§ Work to be completed: With the images removed, write out each record exactly as given.

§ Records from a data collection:
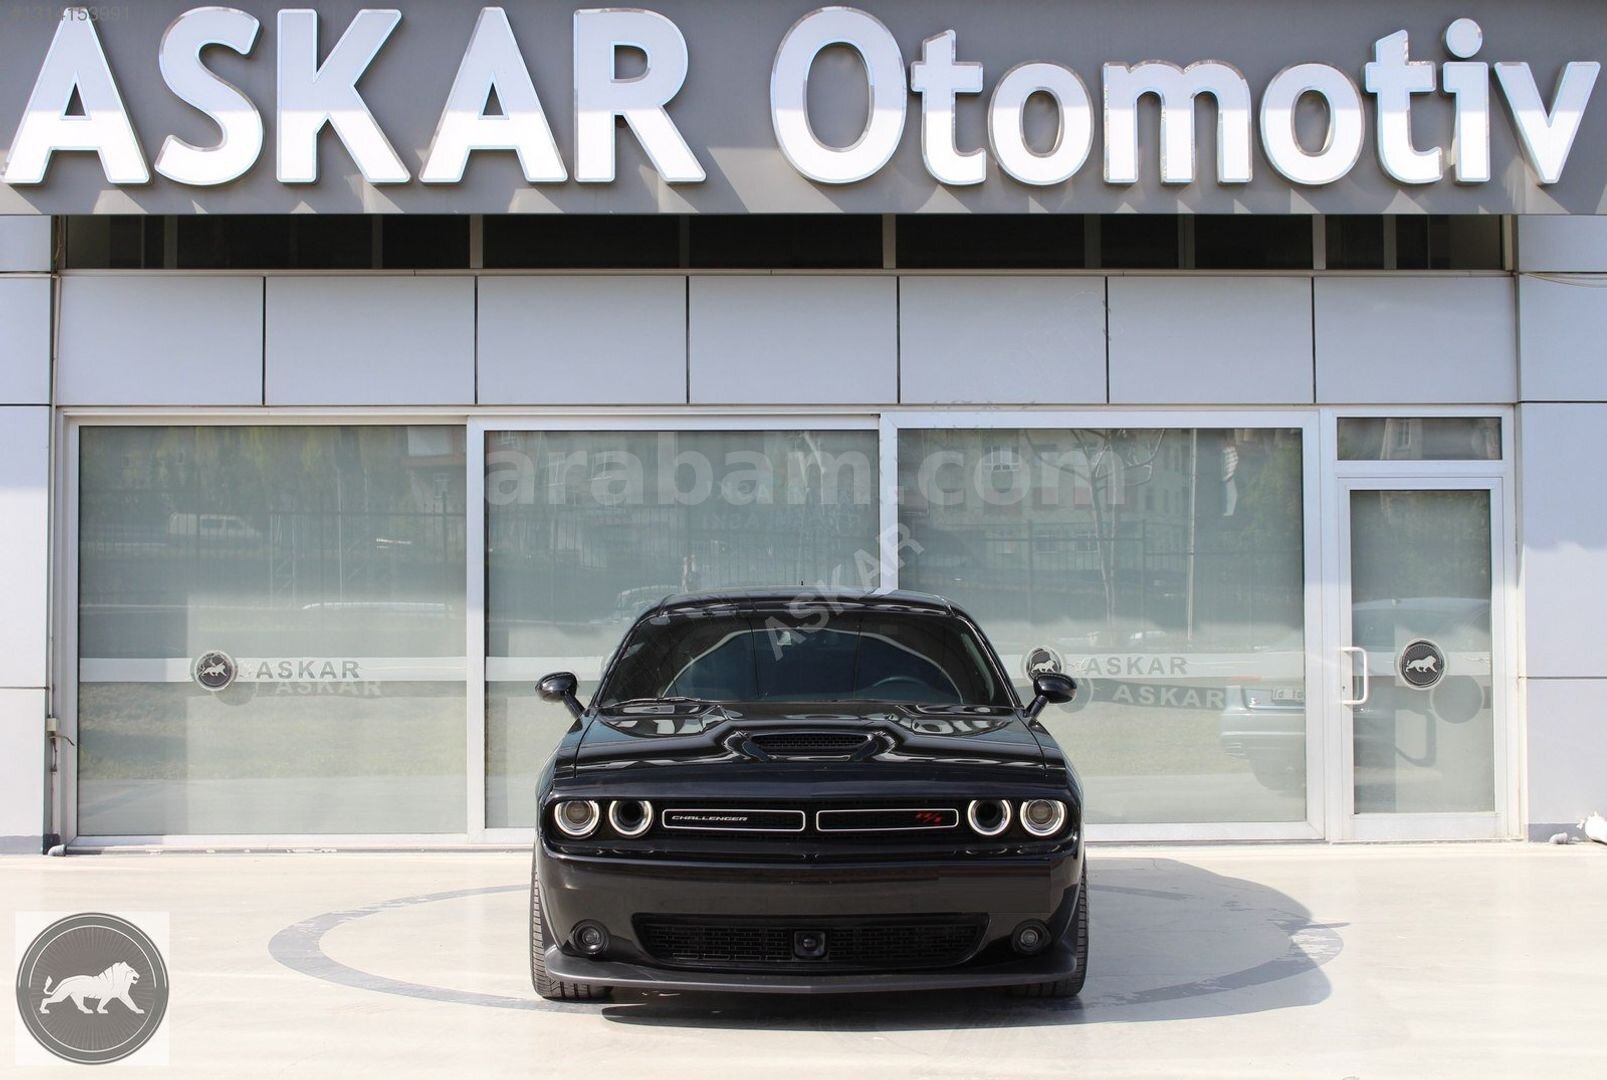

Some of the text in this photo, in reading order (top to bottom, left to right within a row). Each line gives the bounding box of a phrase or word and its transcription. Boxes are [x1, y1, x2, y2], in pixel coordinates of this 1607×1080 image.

[3, 6, 1601, 187] ASKAR Otomotiv
[255, 660, 361, 680] ASKAR
[1085, 656, 1188, 676] ASKAR
[1112, 683, 1225, 709] ASKAR
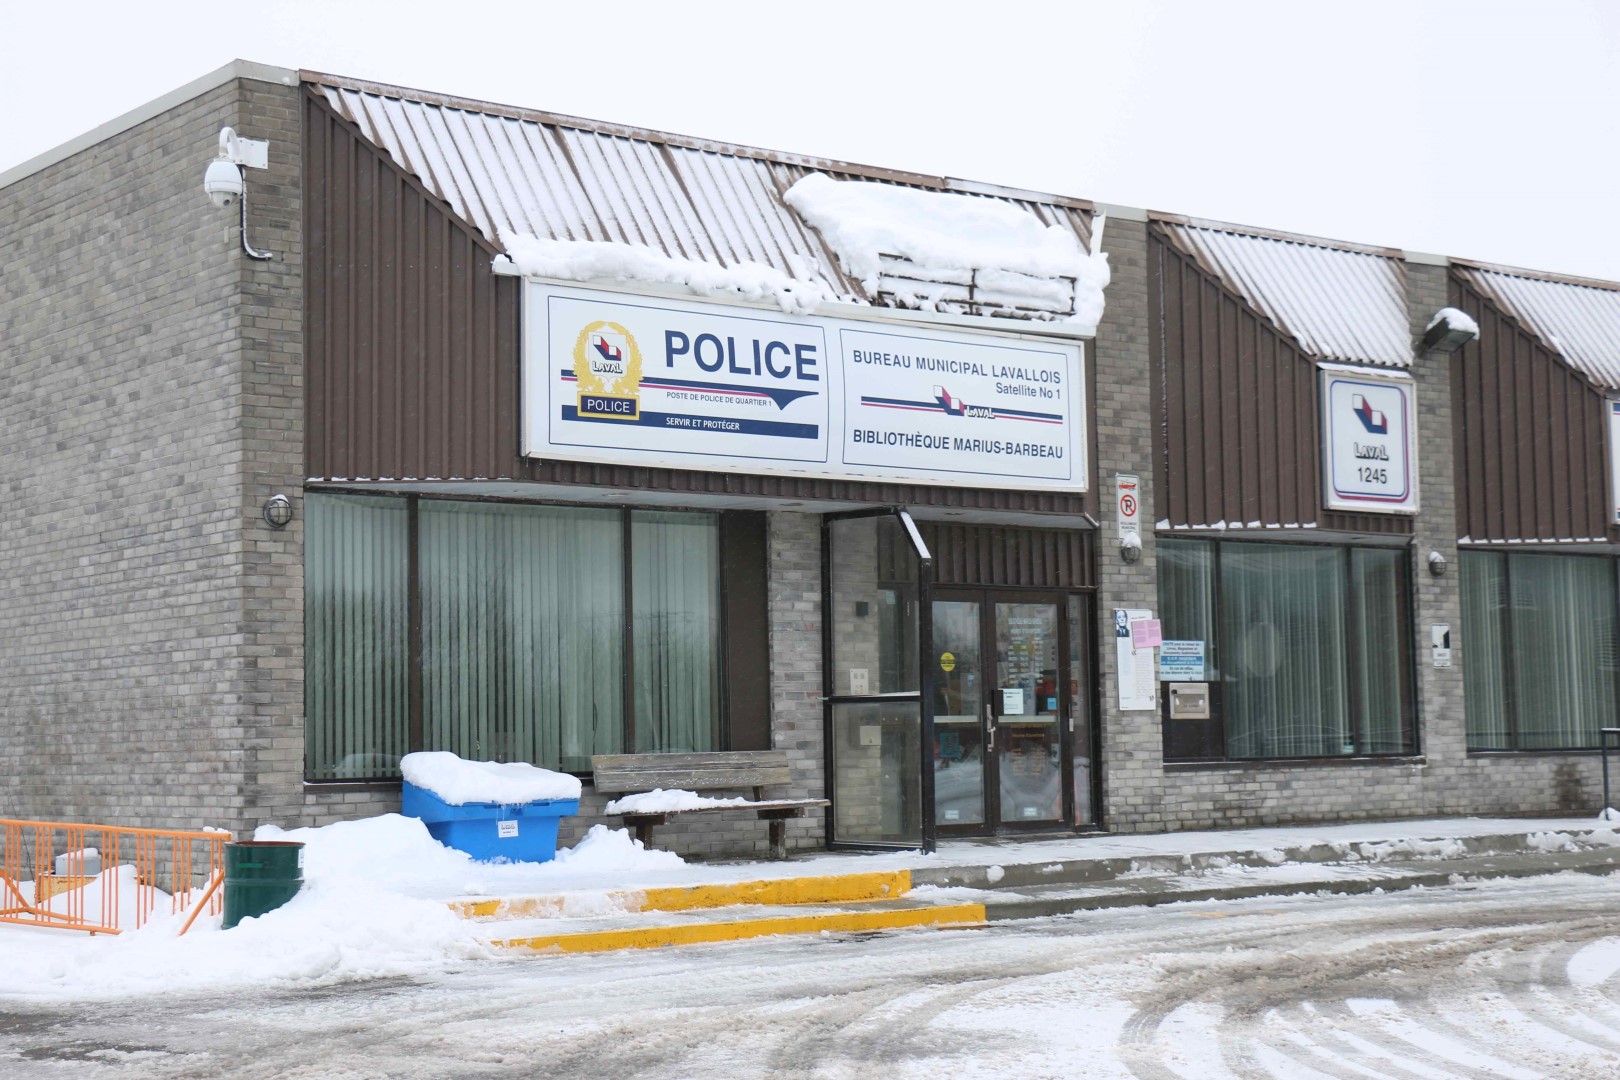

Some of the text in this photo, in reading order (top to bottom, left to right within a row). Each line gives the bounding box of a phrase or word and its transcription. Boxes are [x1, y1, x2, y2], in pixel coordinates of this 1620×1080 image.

[664, 329, 820, 382] POLICE
[592, 361, 624, 374] LAVAL
[853, 349, 1061, 384] BUREAU MUNICIPAL LAVALLOIS
[666, 391, 773, 407] POSTE DE POLICE DE QUARTIER 1
[996, 382, 1061, 399] Satellite No 1
[587, 400, 630, 413] POLICE
[966, 405, 996, 420] LAVAL
[666, 417, 740, 430] SERVIR ET PROTÉGER
[853, 429, 1063, 459] BIBLIOTHÈQUE MARIUS-BARBEAU
[1354, 443, 1389, 461] LAVAL
[1357, 466, 1388, 484] 1245
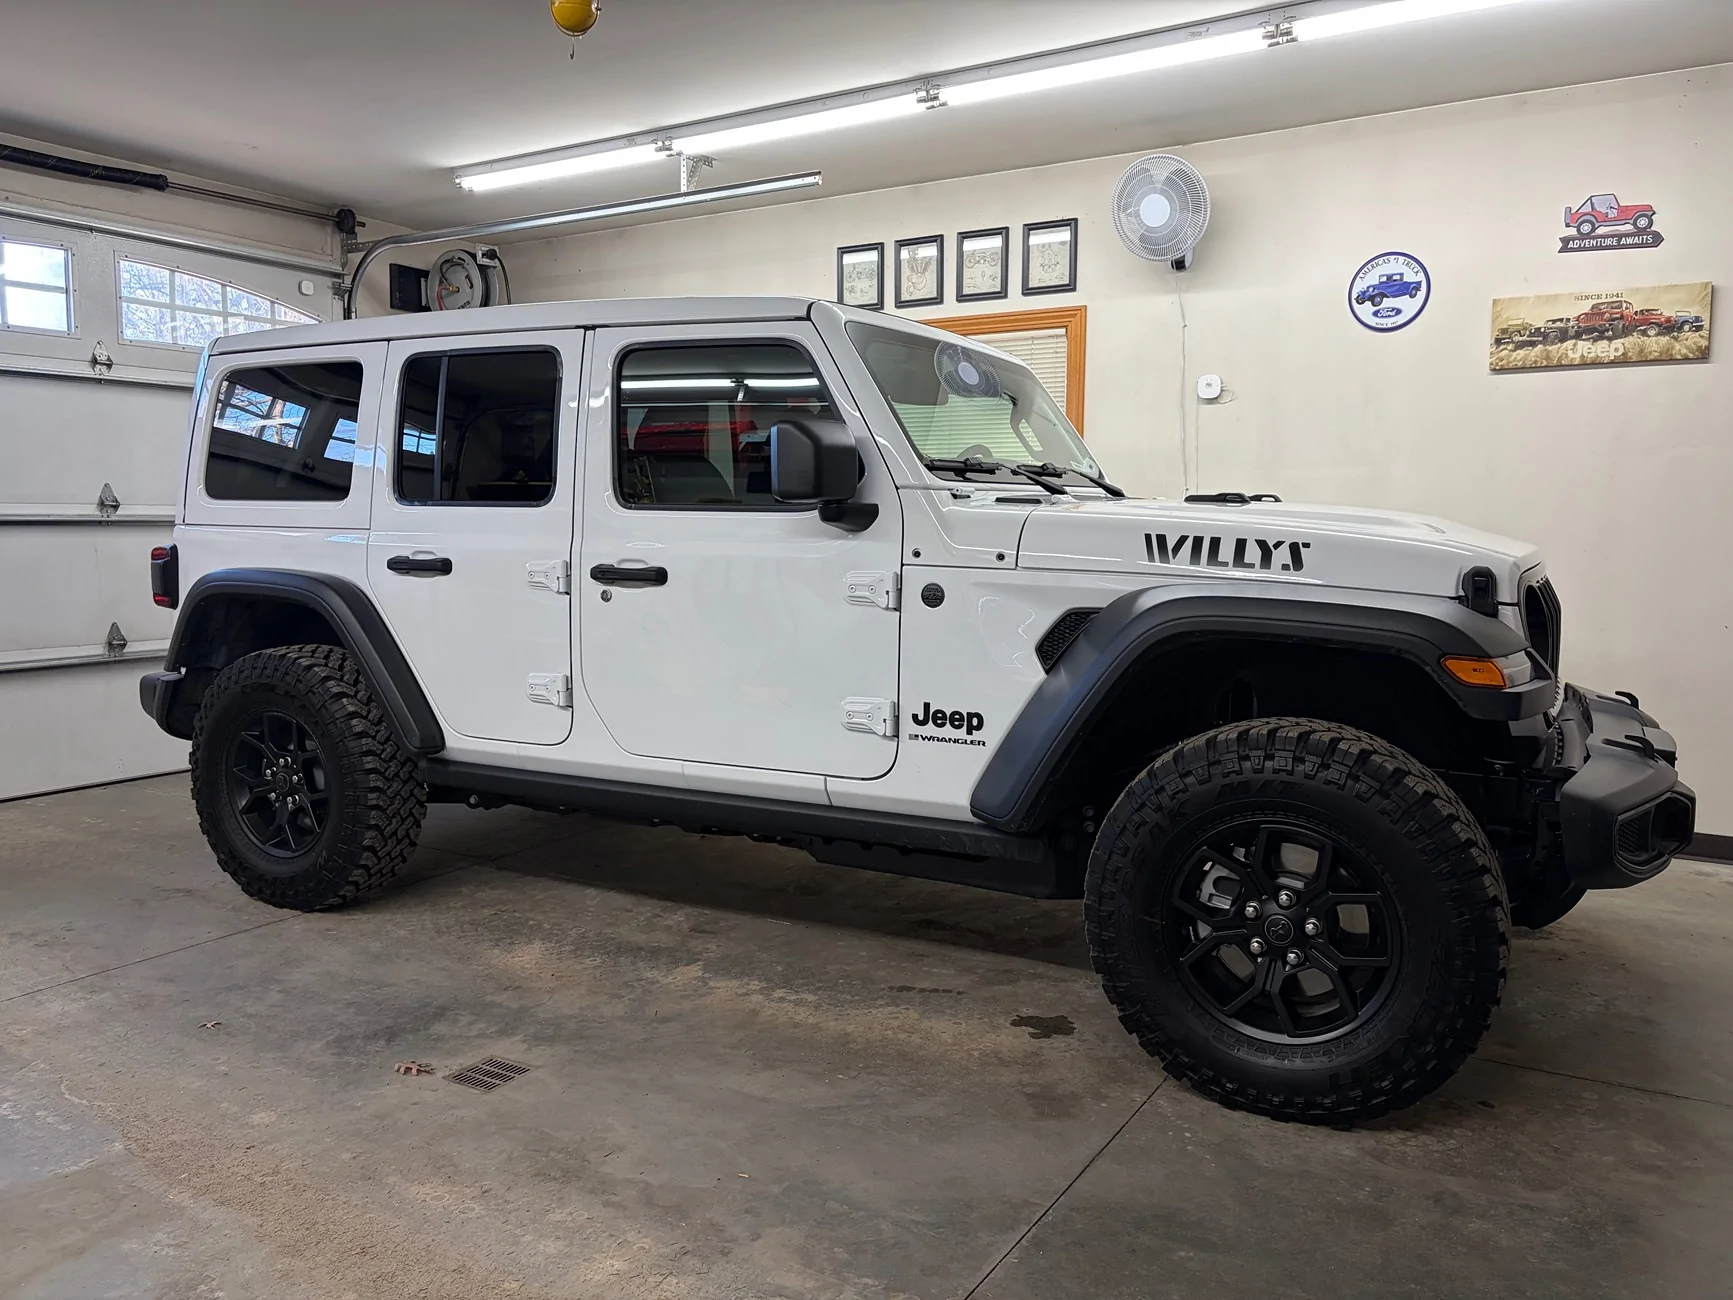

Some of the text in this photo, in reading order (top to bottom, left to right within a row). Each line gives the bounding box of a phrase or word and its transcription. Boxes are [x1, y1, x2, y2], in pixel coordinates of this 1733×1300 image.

§ Your response:
Some of the text in this photo, in reading order (top to bottom, left to right within a row). Each line gives the bounding box of a phrase or word and its transcription. Boxes are [x1, y1, x2, y2], in pixel coordinates of this 1607×1080 image.

[3, 6, 1601, 187] ASKAR Otomotiv
[255, 660, 361, 680] ASKAR
[1085, 656, 1188, 676] ASKAR
[1112, 683, 1225, 709] ASKAR

Some of the text in this photo, in reading order (top to bottom, left to right within a row). Each line gives the bounding box of a phrase or word and its transcription. Boxes are [x1, y1, x2, y2], in pixel coordinates of this 1620×1080 image.

[664, 329, 820, 382] POLICE
[592, 361, 624, 374] LAVAL
[853, 349, 1061, 384] BUREAU MUNICIPAL LAVALLOIS
[666, 391, 773, 407] POSTE DE POLICE DE QUARTIER 1
[996, 382, 1061, 399] Satellite No 1
[587, 400, 630, 413] POLICE
[966, 405, 996, 420] LAVAL
[666, 417, 740, 430] SERVIR ET PROTÉGER
[853, 429, 1063, 459] BIBLIOTHÈQUE MARIUS-BARBEAU
[1354, 443, 1389, 461] LAVAL
[1357, 466, 1388, 484] 1245

Some of the text in this photo, in reading order (top to bottom, left to right within a row). Each line gives the bounding box of a phrase or word and its transcription. Boxes are [x1, y1, x2, y2], in pixel coordinates of this 1733×1300 image.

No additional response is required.